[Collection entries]
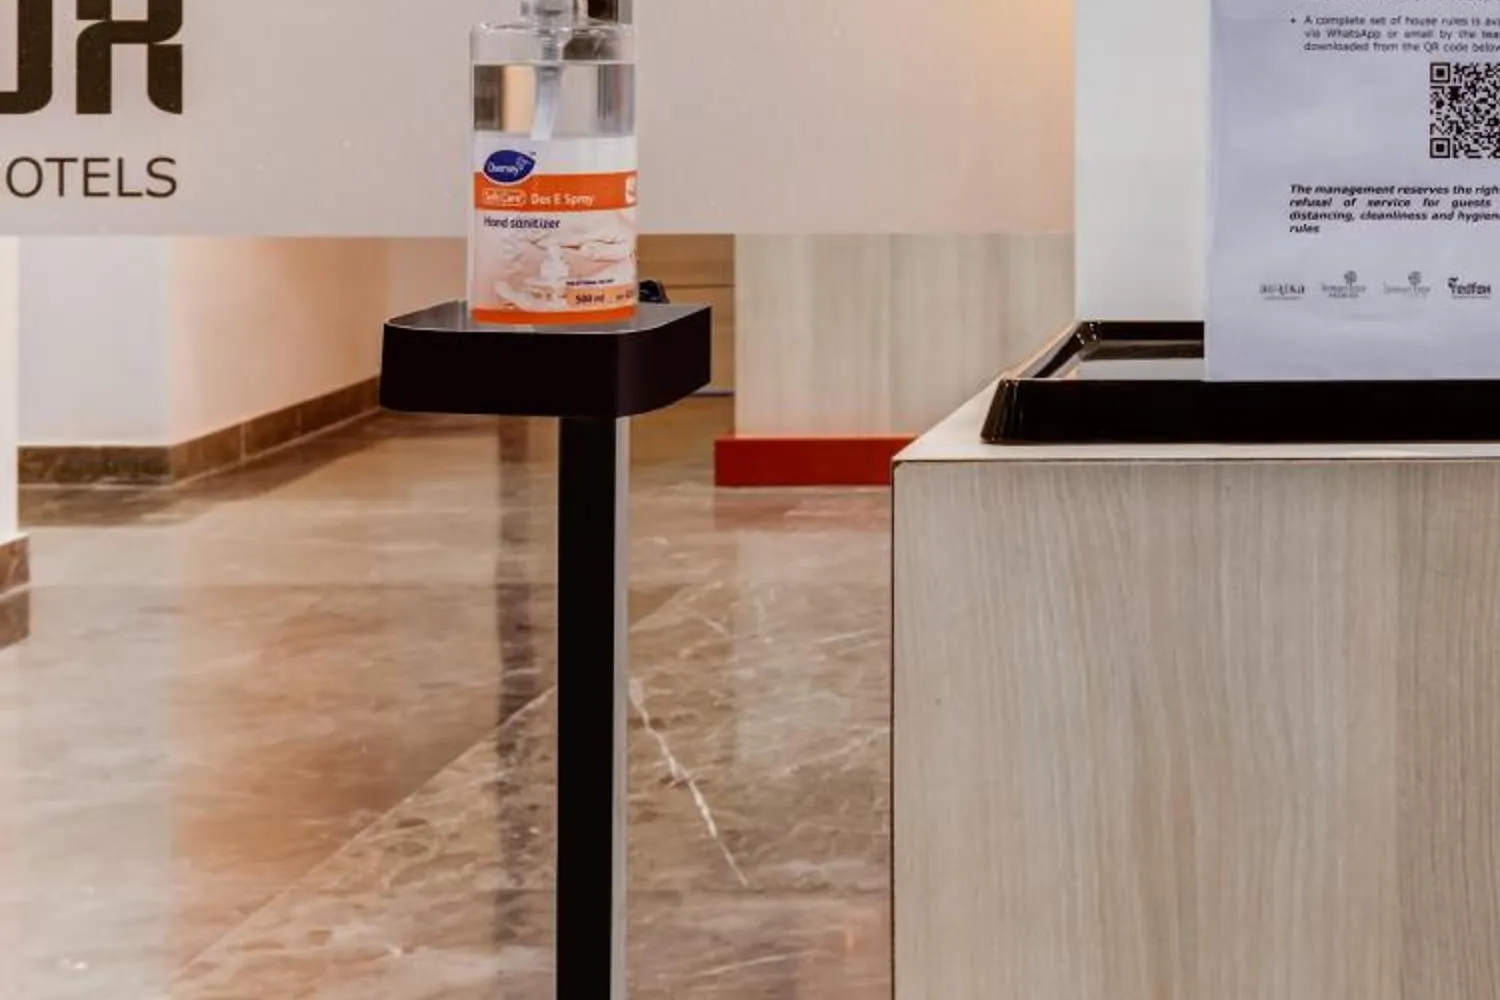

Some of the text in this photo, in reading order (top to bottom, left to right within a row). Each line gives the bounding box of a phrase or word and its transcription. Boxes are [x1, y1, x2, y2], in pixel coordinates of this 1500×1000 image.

[1304, 14, 1313, 26] A
[1388, 15, 1402, 26] of
[1403, 15, 1438, 26] house
[1438, 28, 1452, 42] by
[1457, 28, 1476, 39] the
[1371, 40, 1398, 52] from
[1400, 41, 1420, 52] the
[1422, 41, 1439, 52] QR
[1442, 41, 1468, 52] code
[6, 156, 178, 198] OTELS
[1289, 184, 1312, 195] The
[1313, 184, 1395, 197] management
[1395, 186, 1450, 195] reserves
[1451, 184, 1472, 195] the
[563, 193, 594, 208] Spray
[1288, 197, 1332, 208] refusal
[1342, 197, 1356, 208] of
[1366, 197, 1411, 208] service
[1421, 197, 1440, 208] for
[1450, 197, 1492, 210] guests
[482, 214, 561, 229] Hand sanitizer
[1358, 210, 1428, 221] cleanliness
[1430, 210, 1454, 221] and
[1288, 222, 1320, 233] rules

Assigned task » Each entry above should be restated word for word, though no picture may appear in the copy.

Written reply »
Some of the text in this photo, in reading order (top to bottom, left to right within a row). Each line gives the bounding box of a phrase or word and its transcription. Boxes are [x1, y1, x2, y2], in pixel coordinates of this 1500×1000 image.

[1304, 14, 1313, 26] A
[1388, 15, 1402, 26] of
[1403, 15, 1438, 26] house
[1438, 28, 1452, 42] by
[1457, 28, 1476, 39] the
[1371, 40, 1398, 52] from
[1400, 41, 1420, 52] the
[1422, 41, 1439, 52] QR
[1442, 41, 1468, 52] code
[6, 156, 178, 198] OTELS
[1289, 184, 1312, 195] The
[1313, 184, 1395, 197] management
[1395, 186, 1450, 195] reserves
[1451, 184, 1472, 195] the
[563, 193, 594, 208] Spray
[1288, 197, 1332, 208] refusal
[1342, 197, 1356, 208] of
[1366, 197, 1411, 208] service
[1421, 197, 1440, 208] for
[1450, 197, 1492, 210] guests
[482, 214, 561, 229] Hand sanitizer
[1358, 210, 1428, 221] cleanliness
[1430, 210, 1454, 221] and
[1288, 222, 1320, 233] rules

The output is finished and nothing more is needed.